Data from Long Noncoding RNA TINCR-Mediated Regulation of Acetyl-CoA Metabolism Promotes Nasopharyngeal Carcinoma Progression and Chemoresistance

Frontier evidence suggests that dysregulation of long noncoding RNAs (lncRNA) is ubiquitous in all human tumors, indicating that lncRNAs might have essential roles in tumorigenesis. Therefore, an in-depth study of the roles of lncRNA in nasopharyngeal carcinoma (NPC) carcinogenesis might be helpful to provide novel therapeutic targets. Here we report that lncRNA TINCR was significantly upregulated in NPC and was associated positively with poor survival. Silencing TINCR inhibited NPC progression and cisplatin resistance. Mechanistically, TINCR bound ACLY and protected it from ubiquitin degradation to maintain total cellular acetyl-CoA levels. Accumulation of cellular acetyl-CoA promoted de novo lipid biosynthesis and histone H3K27 acetylation, which ultimately regulated the peptidyl arginine deiminase 1 (PADI1)–MAPK–MMP2/9 pathway.

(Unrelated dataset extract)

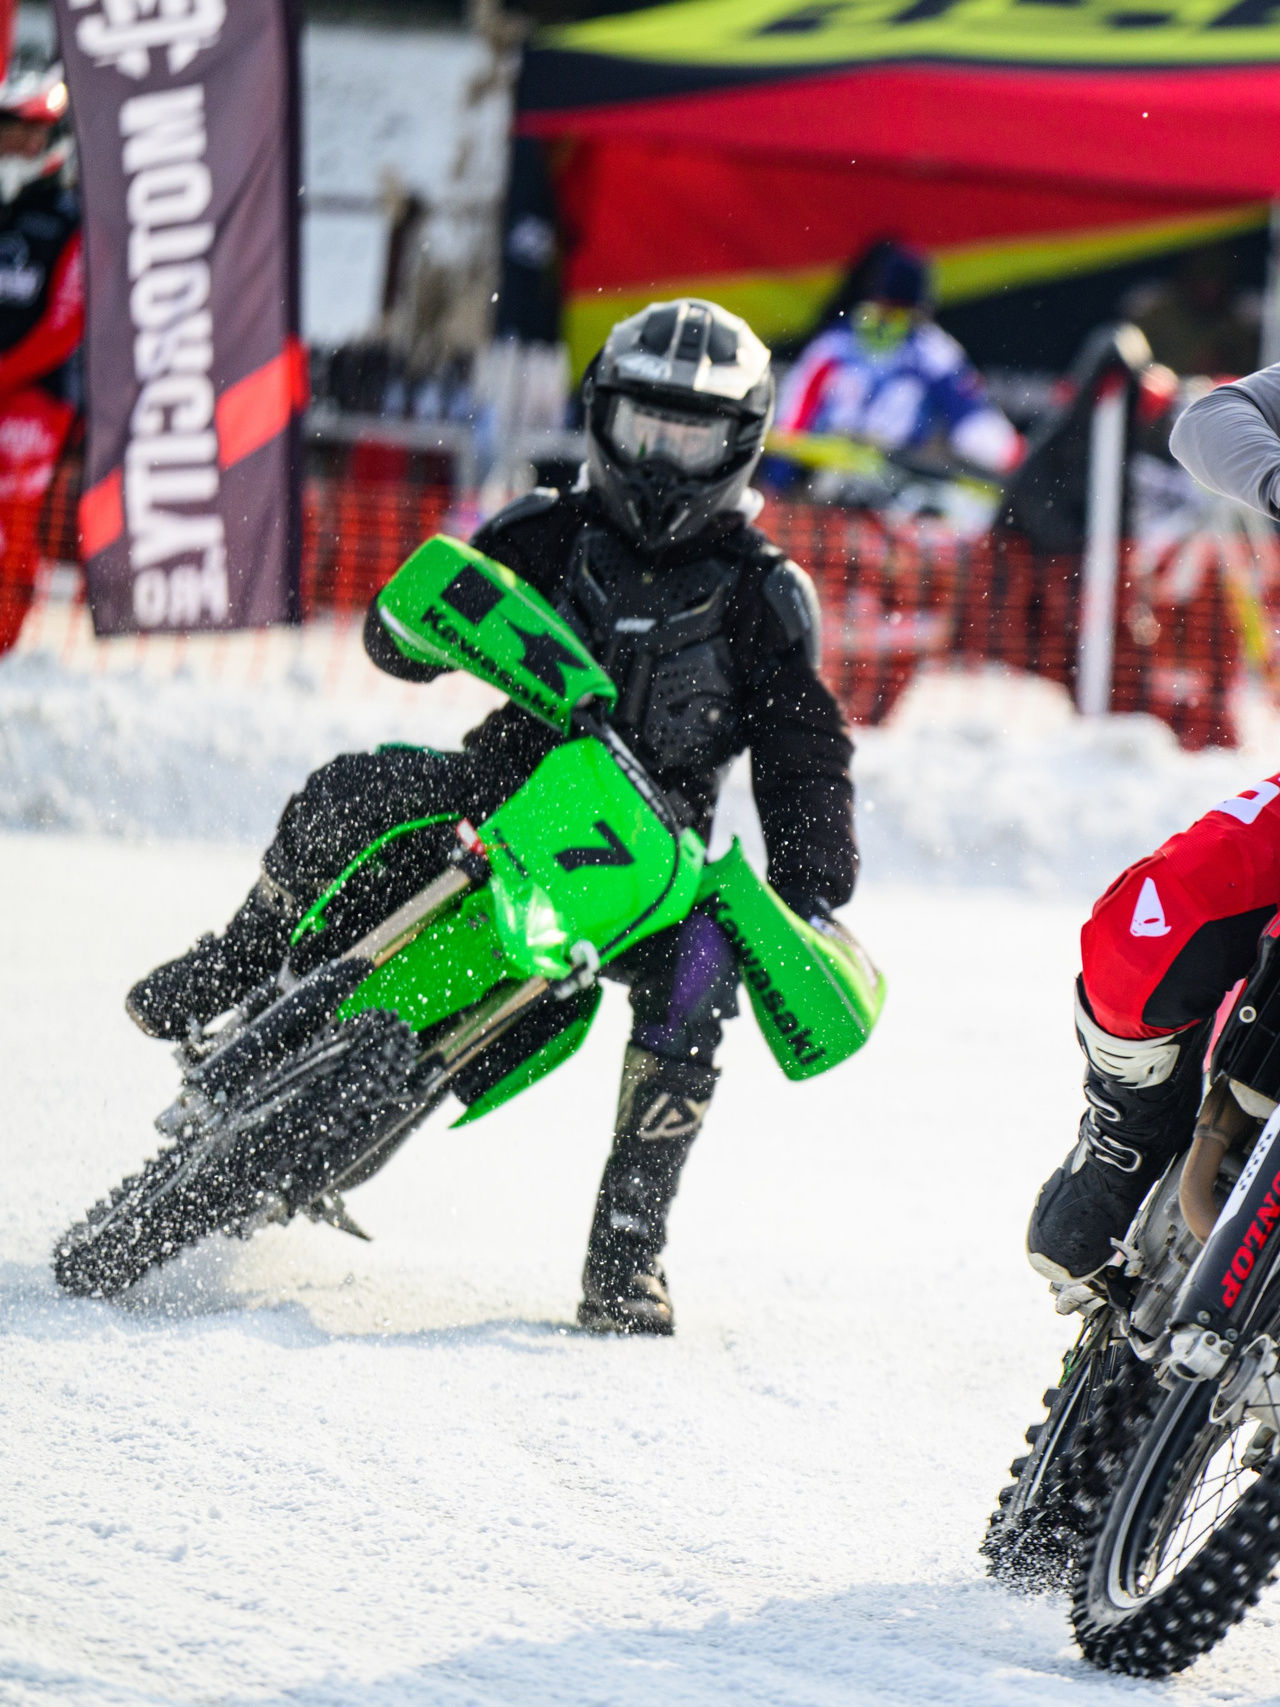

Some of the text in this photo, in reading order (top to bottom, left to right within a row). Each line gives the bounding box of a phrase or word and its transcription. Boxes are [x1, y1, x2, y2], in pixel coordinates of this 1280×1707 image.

[421, 605, 558, 717] Kawasaki
[554, 819, 635, 873] 7
[700, 889, 826, 1067] Kawasaki

In addition, insulin-like growth factor 2 mRNA-binding protein 3 interacted with TINCR and slowed its decay, which partially accounted for TINCR upregulation in NPC. These findings demonstrate that TINCR acts as a crucial driver of NPC progression and chemoresistance and highlights the newly identified TINCR–ACLY–PADI1–MAPK–MMP2/9 axis as a potential therapeutic target in NPC.

TINCR-mediated regulation of a PADI1–MAPK–MMP2/9 signaling pathway plays a critical role in NPC progression and chemoresistance, marking TINCR as a viable therapeutic target in this disease.